7. The automatic liquid production measurement method for the pumping unit well based on the XGBoost algorithm according to claim 6, characterized in that, the method for determining the correction coefficient according to the error includes: Correction coefficient = average value of the liquid production measured actually for the predetermined number of times / liquid production measurement result obtained by running the model.
8. The automatic liquid production measurement method for the pumping unit well based on the XGBoost algorithm according to claim 6 or 7, characterized in that, the method for correcting the liquid production measurement result obtained by running the liquid production determination model of the pumping unit well based on the XGBoost algorithm by using the correction coefficient to obtain the corrected liquid production measurement result includes: Corrected liquid production measurement result = liquid production measurement result obtained by running the model * correction coefficient.

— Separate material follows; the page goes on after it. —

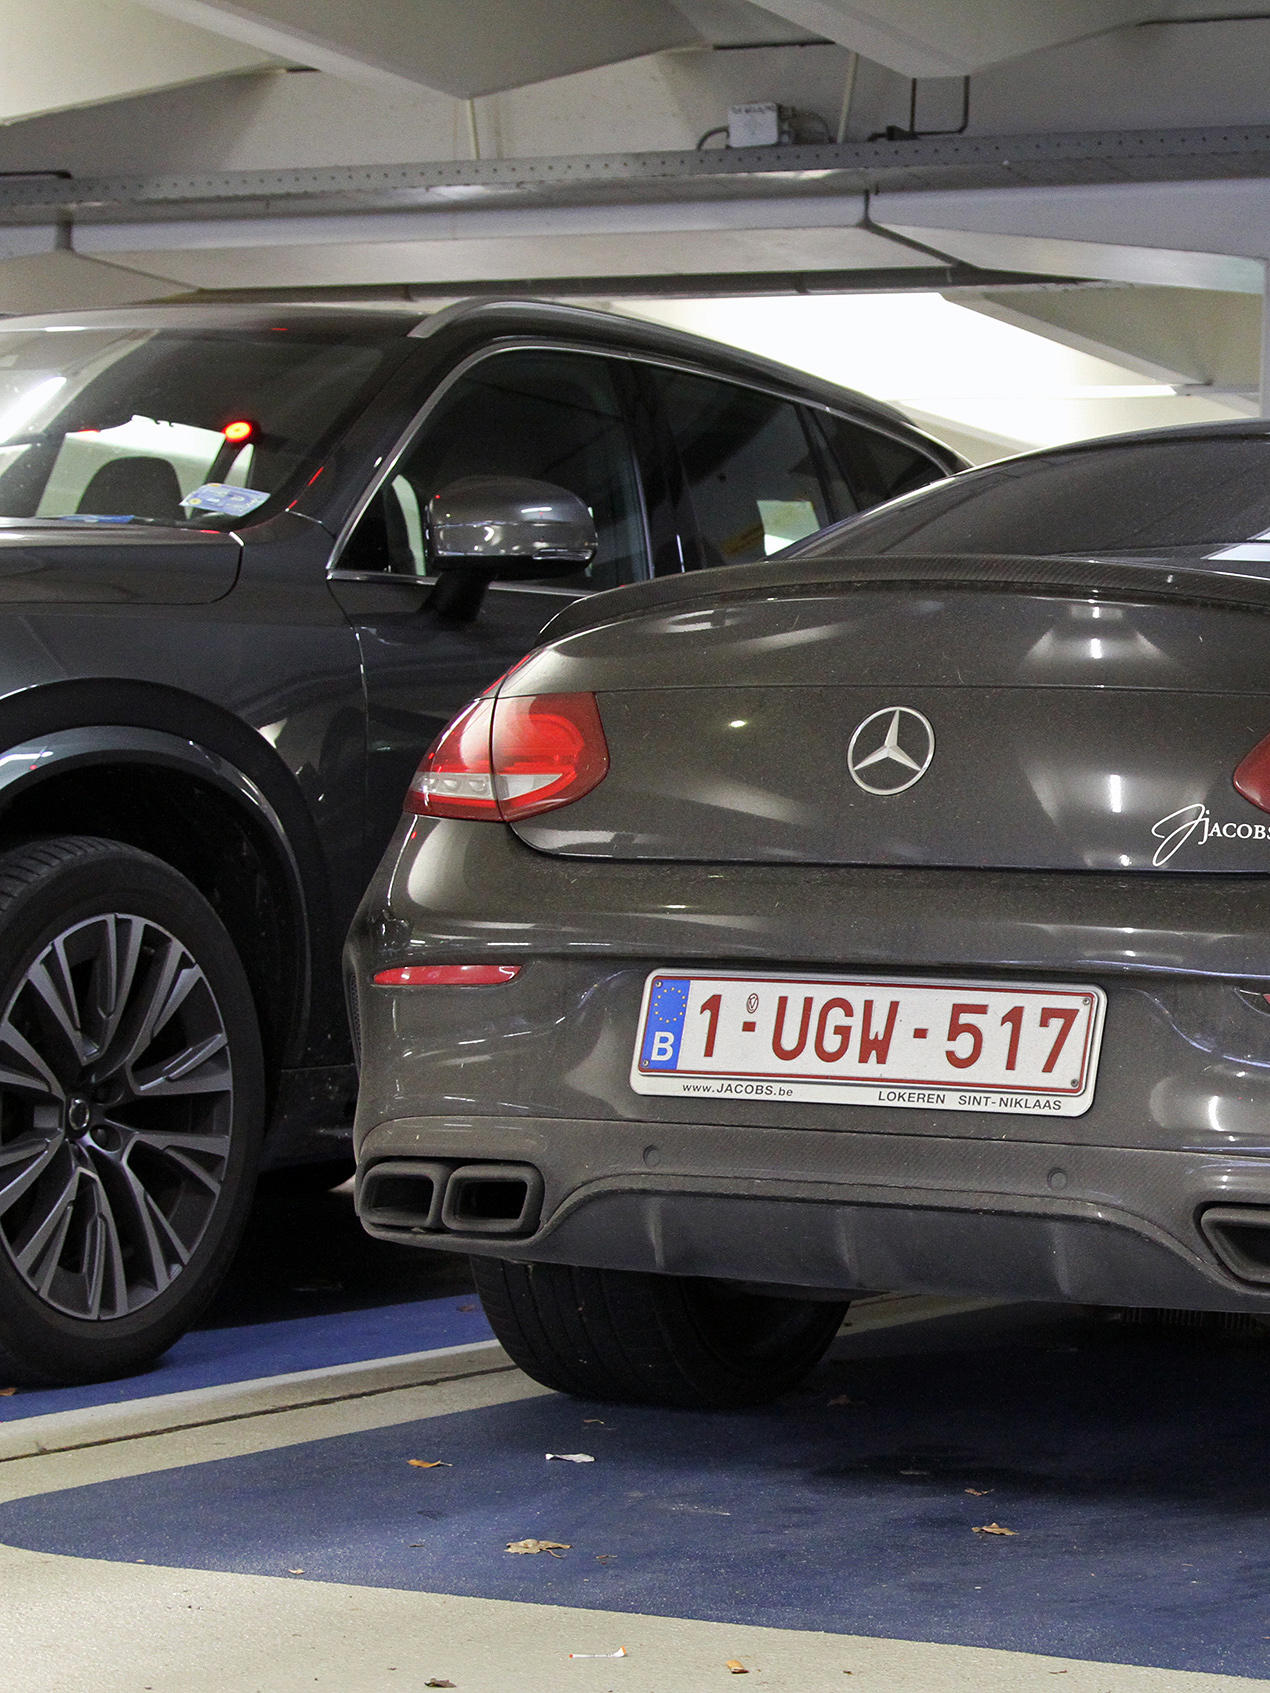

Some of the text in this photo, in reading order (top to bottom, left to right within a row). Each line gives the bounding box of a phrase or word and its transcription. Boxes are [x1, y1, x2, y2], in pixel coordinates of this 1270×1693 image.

[651, 1032, 674, 1061] B
[682, 1083, 793, 1096] www.JACOBS.be
[878, 1091, 1062, 1110] LOKEREN SINT-NIKLAAS

9. An automatic liquid production measurement device for the pumping unit well based on the XGBoost algorithm, characterized in that, it includes: A data acquisition unit for acquiring the historical production operation data of the pumping unit wells in the work area; A sample data screening unit for determining the correlation between each data category in the historical production operation data and the liquid production, selecting the data corresponding to the data categories whose correlation meets the predetermined requirements as sample data, and dividing the sample data into a training set and a test set; A model training unit for establishing a machine learning model based on the XGBoost algorithm, inputting the data of the training set and the test set into the model for training and testing, and obtaining the liquid production determination model of the pumping unit well based on the XGBoost algorithm after training and testing; A liquid production measurement result output unit for inputting the data corresponding to the data categories whose correlation meets the predetermined requirements of the target well into the liquid production determination model of the pumping unit well based on the XGBoost algorithm, and running to obtain the corresponding liquid production measurement result.